* [REQUIRED WORK]:
Pictures aside, can you reproduce the records word for word?

* [MATERIALS PROVIDED]:
+ + + + +

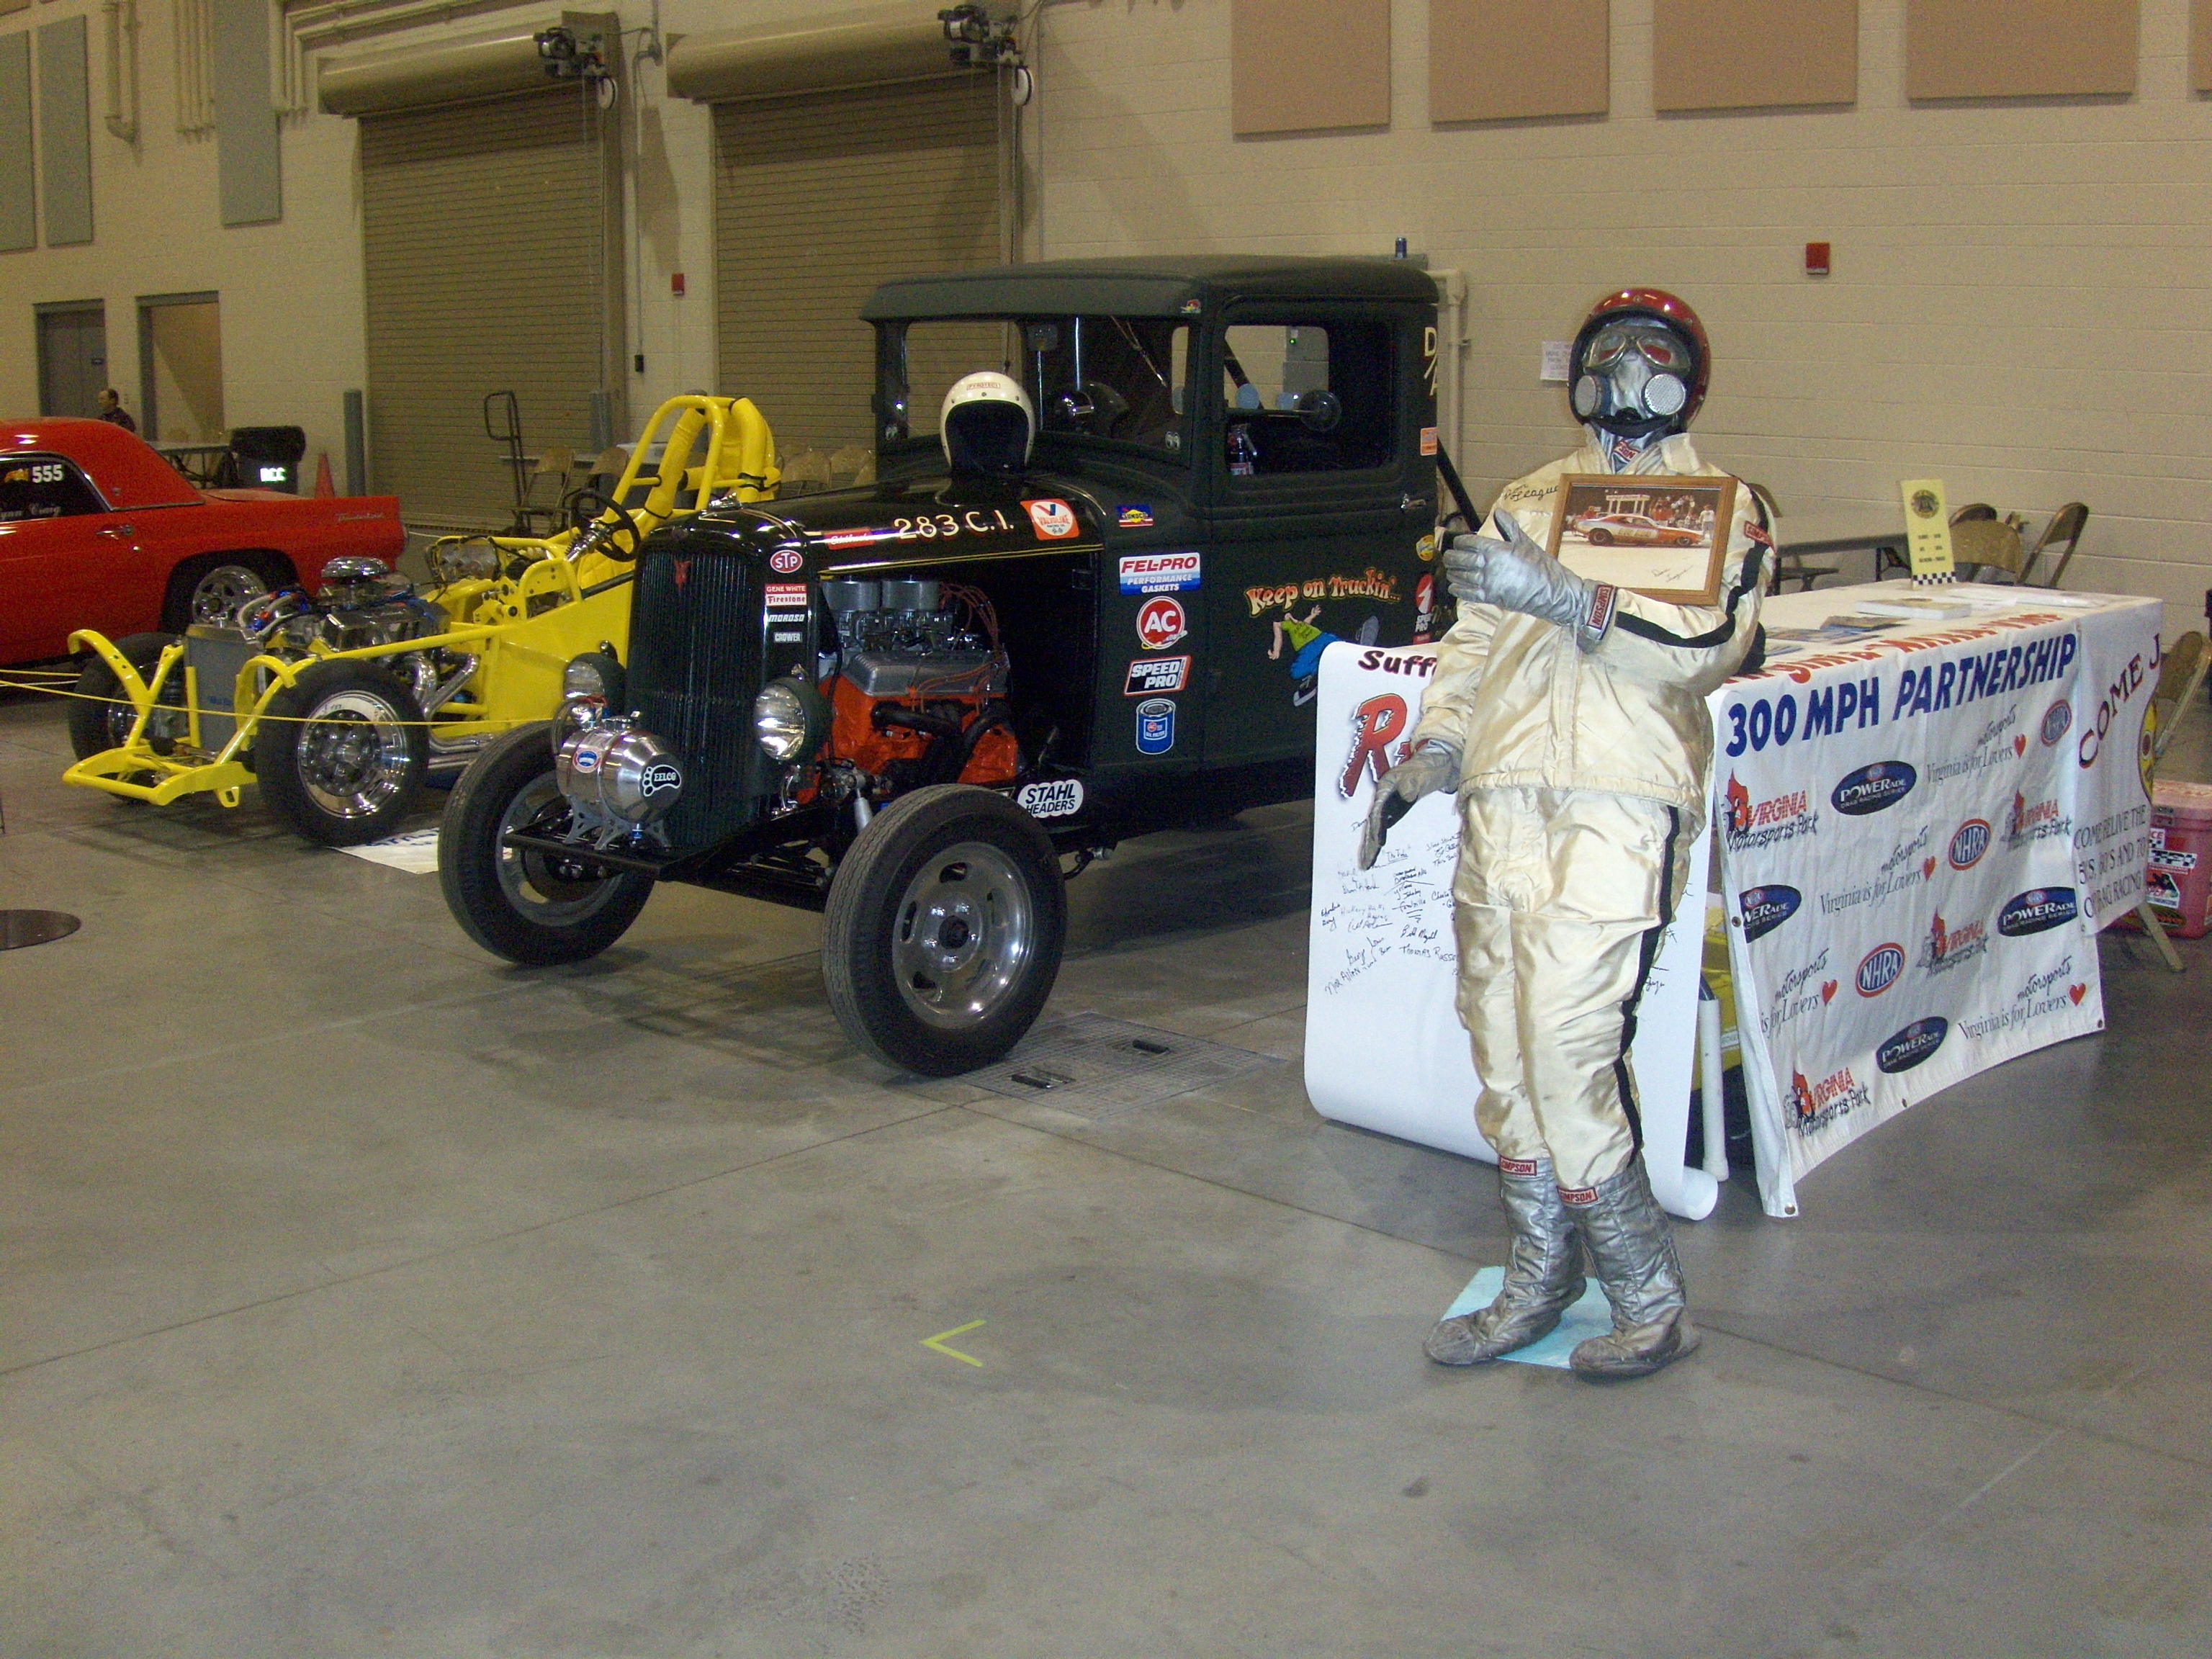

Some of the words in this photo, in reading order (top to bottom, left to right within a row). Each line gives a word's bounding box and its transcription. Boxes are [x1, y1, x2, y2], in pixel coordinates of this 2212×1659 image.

[32, 464, 63, 483] 555
[894, 514, 959, 539] 283
[775, 552, 798, 569] STP
[1121, 557, 1197, 573] FEL-PRO
[1127, 574, 1192, 585] PERFORMANCE
[1141, 583, 1179, 593] GASKETS
[1245, 584, 1298, 616] Keep
[1303, 579, 1326, 599] on
[1591, 587, 1609, 626] SIMPSON
[1144, 611, 1176, 633] AC
[1131, 661, 1180, 678] SPEED
[1358, 650, 1437, 678] Suff
[1144, 674, 1177, 688] PRO
[1725, 694, 1797, 757] 300
[1802, 676, 1879, 741] MPH
[1892, 633, 2077, 720] PARTNERSHIP
[2079, 653, 2144, 769] COME
[654, 773, 676, 781] EELCO
[1025, 783, 1075, 804] STAHL
[1026, 799, 1075, 814] HEADERS
[1748, 790, 1807, 828] VIRGINIA
[1796, 809, 1819, 836] Park
[1953, 827, 1989, 863] NHRA
[1820, 886, 1861, 917] Virginia
[1885, 869, 1922, 895] Lovers
[1775, 948, 1830, 1002] motorsports
[1861, 950, 1901, 990] NHRA
[2017, 955, 2072, 1002] motorsports
[1781, 993, 1820, 1022] Lovers
[1958, 1012, 2000, 1040] Virginia
[2025, 994, 2067, 1020] Lovers
[1848, 1082, 1871, 1106] Park
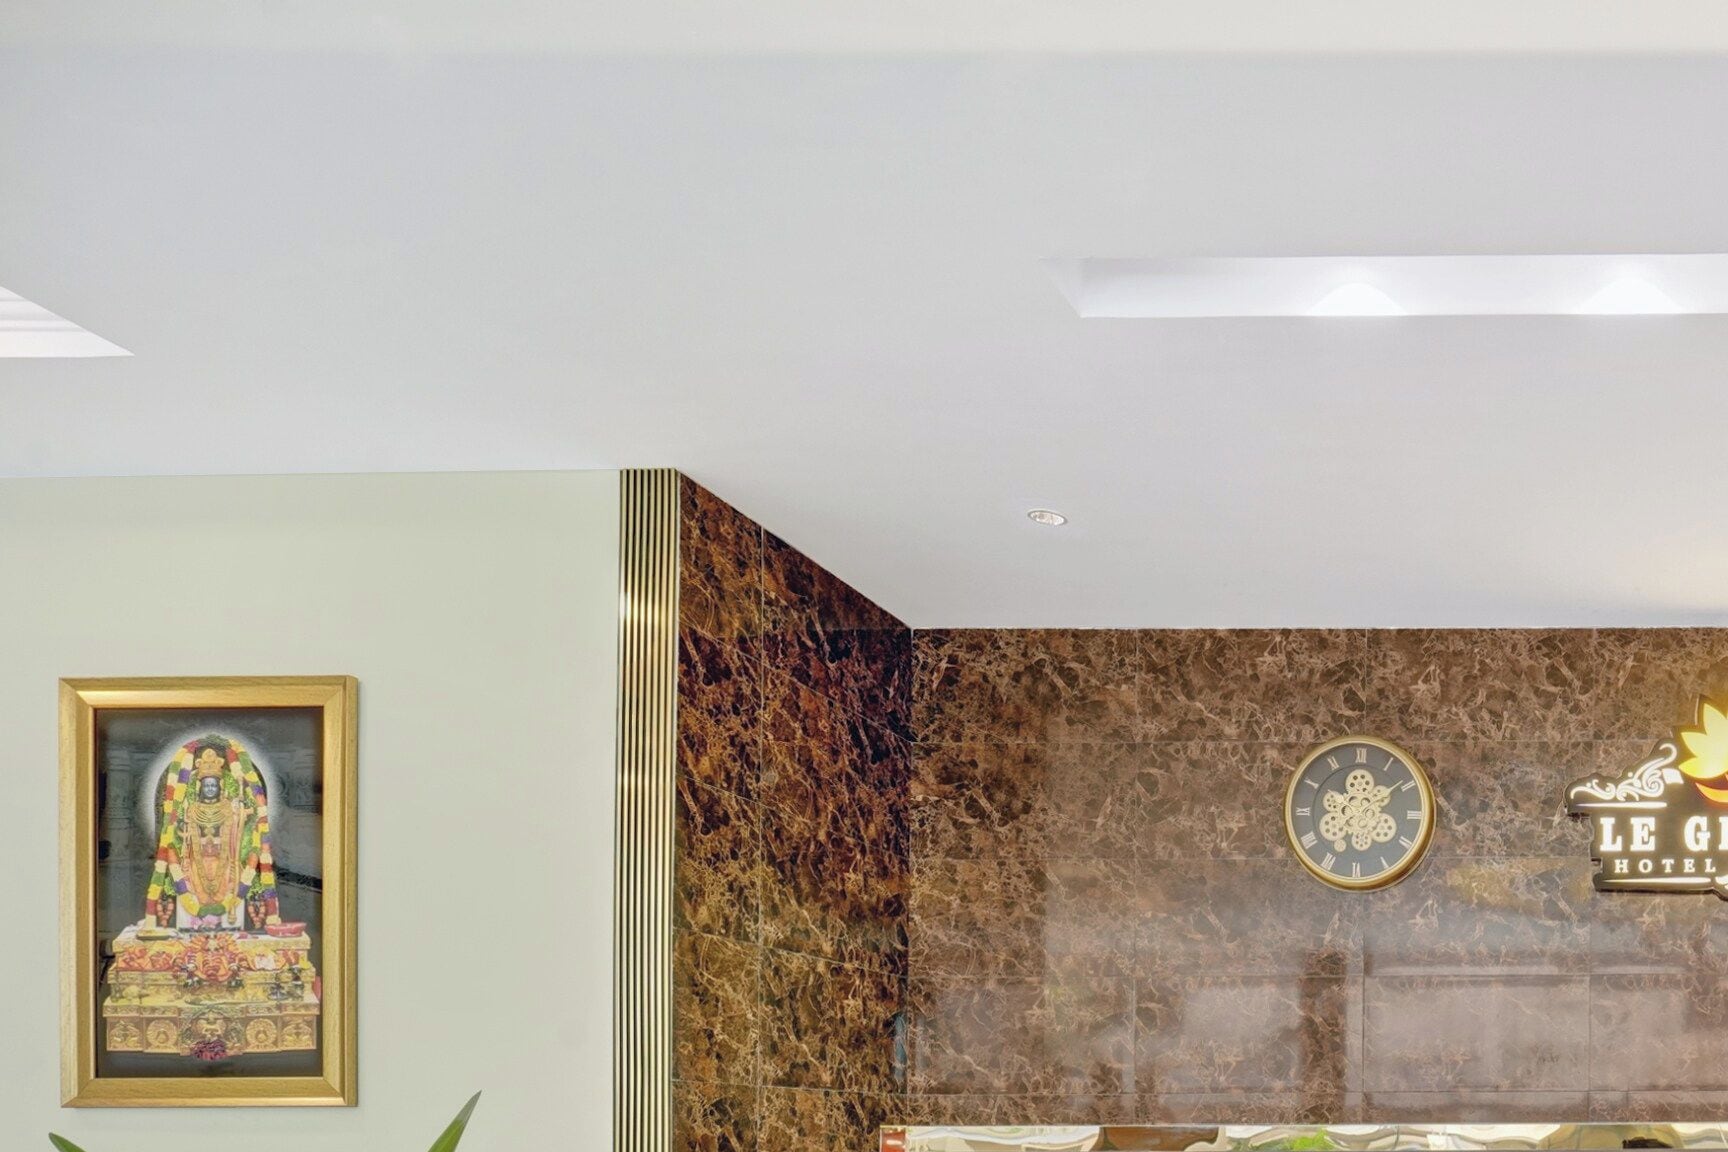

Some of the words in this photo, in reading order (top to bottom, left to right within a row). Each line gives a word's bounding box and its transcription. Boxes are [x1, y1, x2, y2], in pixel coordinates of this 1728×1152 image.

[1356, 748, 1366, 763] XII
[1599, 816, 1656, 851] LE
[1614, 859, 1716, 873] HOTEL

+ + + + +

* [TASK SOLUTION]:
Some of the words in this photo, in reading order (top to bottom, left to right within a row). Each line gives a word's bounding box and its transcription. Boxes are [x1, y1, x2, y2], in pixel coordinates of this 2212×1659 image.

[32, 464, 63, 483] 555
[894, 514, 959, 539] 283
[775, 552, 798, 569] STP
[1121, 557, 1197, 573] FEL-PRO
[1127, 574, 1192, 585] PERFORMANCE
[1141, 583, 1179, 593] GASKETS
[1245, 584, 1298, 616] Keep
[1303, 579, 1326, 599] on
[1591, 587, 1609, 626] SIMPSON
[1144, 611, 1176, 633] AC
[1131, 661, 1180, 678] SPEED
[1358, 650, 1437, 678] Suff
[1144, 674, 1177, 688] PRO
[1725, 694, 1797, 757] 300
[1802, 676, 1879, 741] MPH
[1892, 633, 2077, 720] PARTNERSHIP
[2079, 653, 2144, 769] COME
[654, 773, 676, 781] EELCO
[1025, 783, 1075, 804] STAHL
[1026, 799, 1075, 814] HEADERS
[1748, 790, 1807, 828] VIRGINIA
[1796, 809, 1819, 836] Park
[1953, 827, 1989, 863] NHRA
[1820, 886, 1861, 917] Virginia
[1885, 869, 1922, 895] Lovers
[1775, 948, 1830, 1002] motorsports
[1861, 950, 1901, 990] NHRA
[2017, 955, 2072, 1002] motorsports
[1781, 993, 1820, 1022] Lovers
[1958, 1012, 2000, 1040] Virginia
[2025, 994, 2067, 1020] Lovers
[1848, 1082, 1871, 1106] Park

Some of the words in this photo, in reading order (top to bottom, left to right within a row). Each line gives a word's bounding box and its transcription. Boxes are [x1, y1, x2, y2], in pixel coordinates of this 1728×1152 image.

[1356, 748, 1366, 763] XII
[1599, 816, 1656, 851] LE
[1614, 859, 1716, 873] HOTEL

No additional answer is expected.